University of Melbourne, Melbourne, Victoria, Australia.
Support Care Cancer. 2011 Mar;19(3):371-9. doi: 10.1007/s00520-010-0829-6. Epub 2010 Feb 23.
Partially presented in poster format at the 40th and 41st Annual Meetings of the American Society of Clinical Oncology, held in 2004 in New Orleans, Louisiana and in 2005 in Orlando, Florida.
We aimed to: (a) assess patient knowledge about cancer clinical trials (CCT) and satisfaction with their decision to participate, (b) determine whether satisfaction correlates with objective understanding, or other factors, and (c) identify correlates of increased understanding.

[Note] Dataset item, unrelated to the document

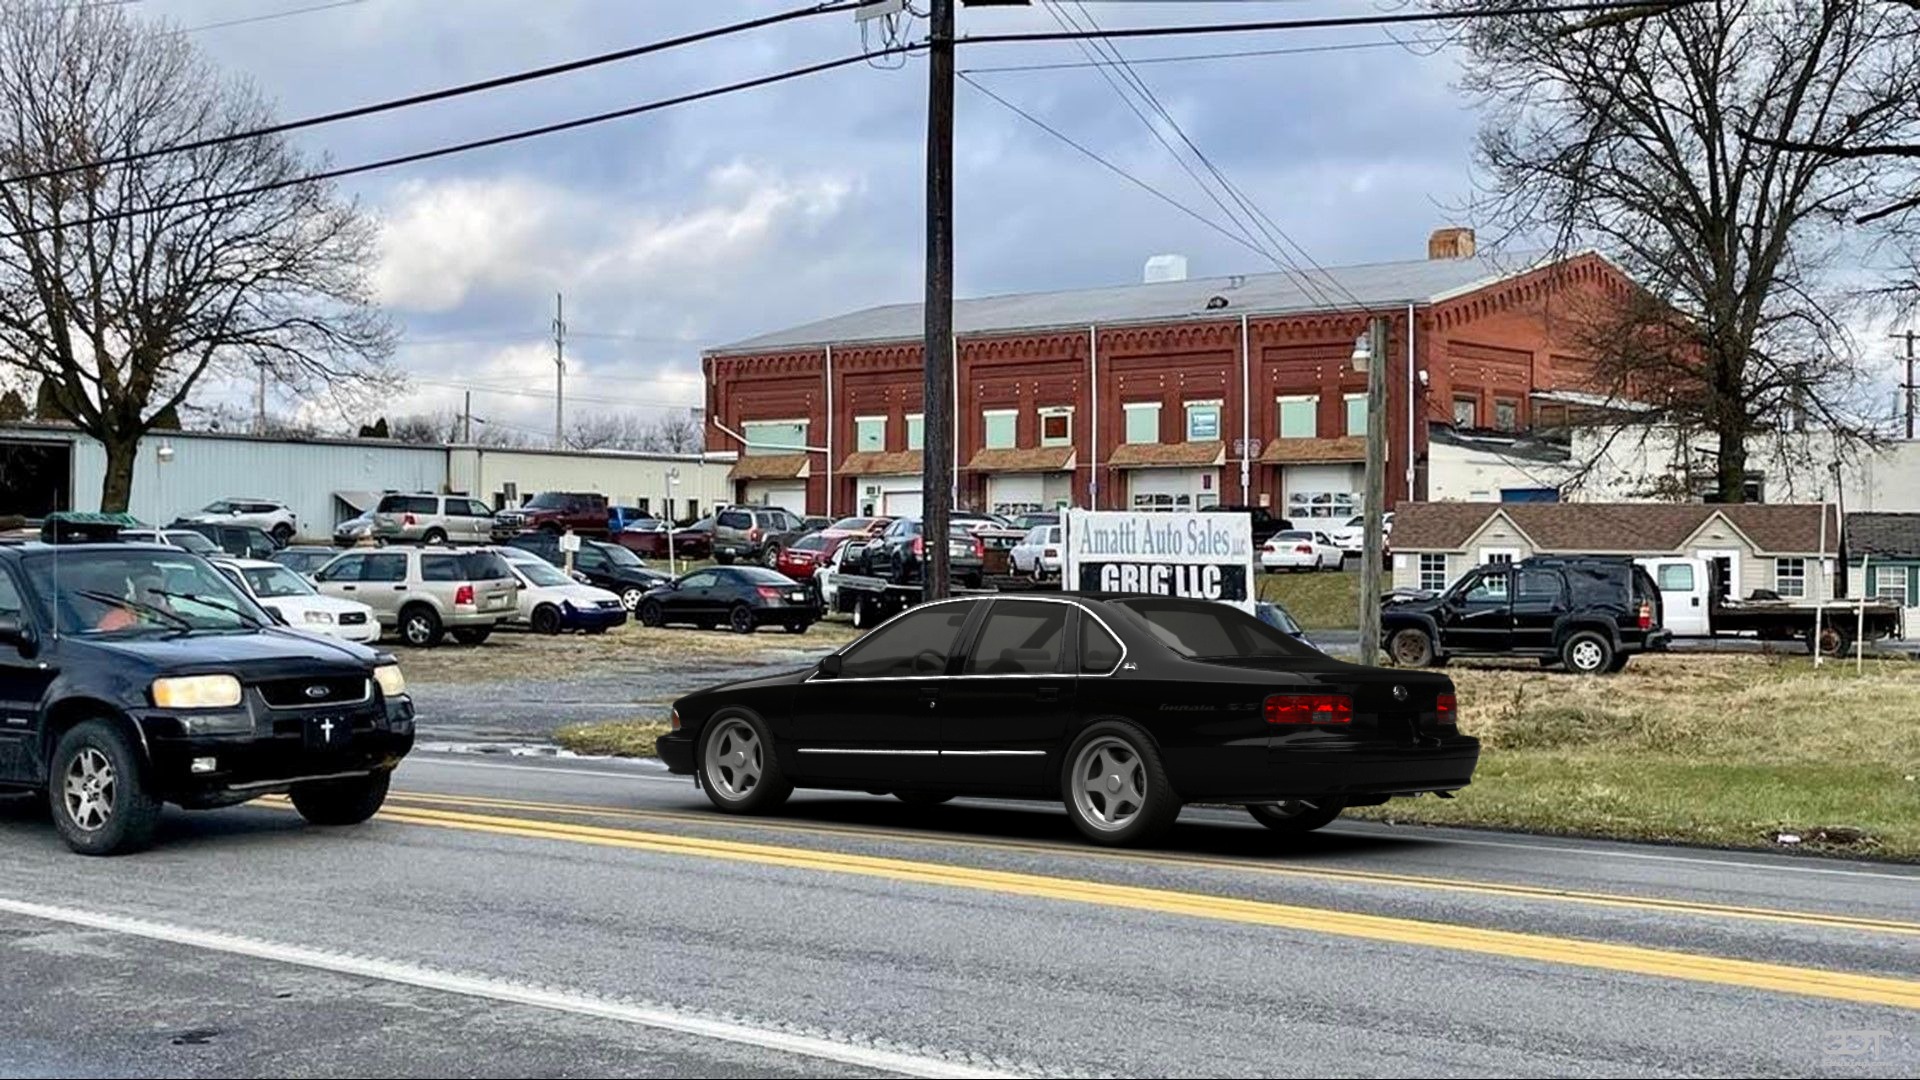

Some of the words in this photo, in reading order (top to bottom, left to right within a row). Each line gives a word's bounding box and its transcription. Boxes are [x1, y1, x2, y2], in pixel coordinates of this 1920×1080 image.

[1079, 518, 1136, 554] Amatti
[1142, 519, 1182, 555] Auto
[1187, 519, 1230, 555] Sales
[1175, 565, 1221, 599] LLC

A convenience sample of 100 patients were recruited. Instruments assessed quality of informed consent (QuIC), quality of life (EORTC QLQ C-30), anxiety and depression (HADS), and preferences for information and involvement in decision making. Measures were completed within 2 weeks of clinical trial enrollment.

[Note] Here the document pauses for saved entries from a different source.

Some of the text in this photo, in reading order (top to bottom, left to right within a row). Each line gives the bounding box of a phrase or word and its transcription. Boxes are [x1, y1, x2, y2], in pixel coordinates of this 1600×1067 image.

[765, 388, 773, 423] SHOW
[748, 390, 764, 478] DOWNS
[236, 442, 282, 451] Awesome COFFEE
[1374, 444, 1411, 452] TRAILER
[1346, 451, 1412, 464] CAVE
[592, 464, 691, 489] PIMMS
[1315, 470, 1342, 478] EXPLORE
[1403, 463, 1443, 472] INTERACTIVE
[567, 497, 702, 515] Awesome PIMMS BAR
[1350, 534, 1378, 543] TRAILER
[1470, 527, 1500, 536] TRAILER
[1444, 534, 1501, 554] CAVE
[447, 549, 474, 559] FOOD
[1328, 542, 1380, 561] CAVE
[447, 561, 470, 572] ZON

One hundred two patients (68 male) with a median age of 58.4 years (29-85) were registered in 27 of the 33 therapeutic cancer clinical trials approved for the Consent Study. Mean QuIC objective knowledge (QuIC-A) was 77.6 (/100) (95% CI, 75.7-79.4) and perceived (subjective) understanding (QuIC-B) 91.5 (95% CI, 89.6-93.3). There was low but significant correlation between QuIC-A and B (R = 0.26, p = 0.008). Satisfaction was very high. Correlation between QuIC-B and satisfaction was moderate (0.430, p < 0.001). QuIC-B, but not QuIC-A was associated with QOL scores. Preferences regarding participation in decision making and whether these preferences were achieved did not impact upon knowledge, understanding or satisfaction.

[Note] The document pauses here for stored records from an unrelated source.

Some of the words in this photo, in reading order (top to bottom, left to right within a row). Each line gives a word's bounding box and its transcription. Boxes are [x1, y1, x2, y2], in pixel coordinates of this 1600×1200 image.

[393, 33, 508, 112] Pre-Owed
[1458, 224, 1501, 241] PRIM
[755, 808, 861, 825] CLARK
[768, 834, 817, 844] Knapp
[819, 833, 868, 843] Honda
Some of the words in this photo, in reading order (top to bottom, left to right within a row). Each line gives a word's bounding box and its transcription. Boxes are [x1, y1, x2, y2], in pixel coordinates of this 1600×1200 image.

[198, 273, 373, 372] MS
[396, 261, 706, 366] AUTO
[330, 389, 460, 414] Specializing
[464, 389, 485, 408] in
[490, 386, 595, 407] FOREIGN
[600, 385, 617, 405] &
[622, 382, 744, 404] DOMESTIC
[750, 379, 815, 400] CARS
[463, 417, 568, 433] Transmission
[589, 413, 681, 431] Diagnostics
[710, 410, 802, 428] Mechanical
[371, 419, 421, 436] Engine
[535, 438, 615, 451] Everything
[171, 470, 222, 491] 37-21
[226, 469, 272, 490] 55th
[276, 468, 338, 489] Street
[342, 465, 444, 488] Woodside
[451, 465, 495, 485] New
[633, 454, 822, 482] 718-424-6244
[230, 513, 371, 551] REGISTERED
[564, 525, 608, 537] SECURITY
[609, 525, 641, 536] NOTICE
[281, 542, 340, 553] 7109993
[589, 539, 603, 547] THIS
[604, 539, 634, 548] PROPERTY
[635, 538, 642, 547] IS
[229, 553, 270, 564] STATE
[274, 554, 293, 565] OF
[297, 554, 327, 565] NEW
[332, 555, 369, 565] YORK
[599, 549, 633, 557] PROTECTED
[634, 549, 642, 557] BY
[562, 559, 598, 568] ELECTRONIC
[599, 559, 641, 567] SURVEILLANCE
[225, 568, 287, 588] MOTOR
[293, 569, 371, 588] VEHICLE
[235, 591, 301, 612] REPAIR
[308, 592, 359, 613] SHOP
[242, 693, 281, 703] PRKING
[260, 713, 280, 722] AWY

Patient knowledge regarding CCT is similar to published US data, and satisfaction is high. Satisfaction correlates with perceived but not objective understanding of CCT. Strategies to further improve the consent process need to be developed.
部分内容曾以海报形式在美国临床肿瘤学会第 40 届和第 41 届年会上展示,该年会分别于 2004 年在路易斯安那州新奥尔良和 2005 年在佛罗里达州奥兰多举行。
我们旨在:(a)评估患者对癌症临床试验(CCT)的认知程度及其对参与决策的满意度,(b)确定满意度是否与客观认知或其他因素相关,以及(c)确定认知度提高的相关因素。
采用便利抽样方法招募了 100 名患者。研究工具包括知情同意质量评估(QuIC)、生活质量(EORTC QLQ C-30)、焦虑和抑郁(HADS)以及对信息的偏好和参与决策的意愿。这些测量在临床试验注册后 2 周内完成。
102 名患者(68 名男性)入组,中位年龄为 58.4 岁(29-85 岁),他们参与了 33 项治疗性癌症临床试验中的 27 项。知情同意质量的客观知识(QuIC-A)平均得分为 77.6(100 分制)(95%置信区间:75.7-79.4),感知(主观)理解(QuIC-B)得分为 91.5(95%置信区间:89.6-93.3)。QuIC-A 与 B 之间存在低但显著的相关性(R=0.26,p=0.008)。患者对参与决策的满意度非常高。QuIC-B 与满意度之间存在中度相关性(0.430,p<0.001)。QuIC-B 而不是 QuIC-A 与生活质量评分相关。参与决策的偏好以及这些偏好是否得到满足与知识、理解或满意度无关。
患者对 CCT 的认知程度与已发表的美国数据相似,且满意度较高。满意度与对 CCT 的感知理解相关,而与客观理解无关。需要制定进一步改善知情同意过程的策略。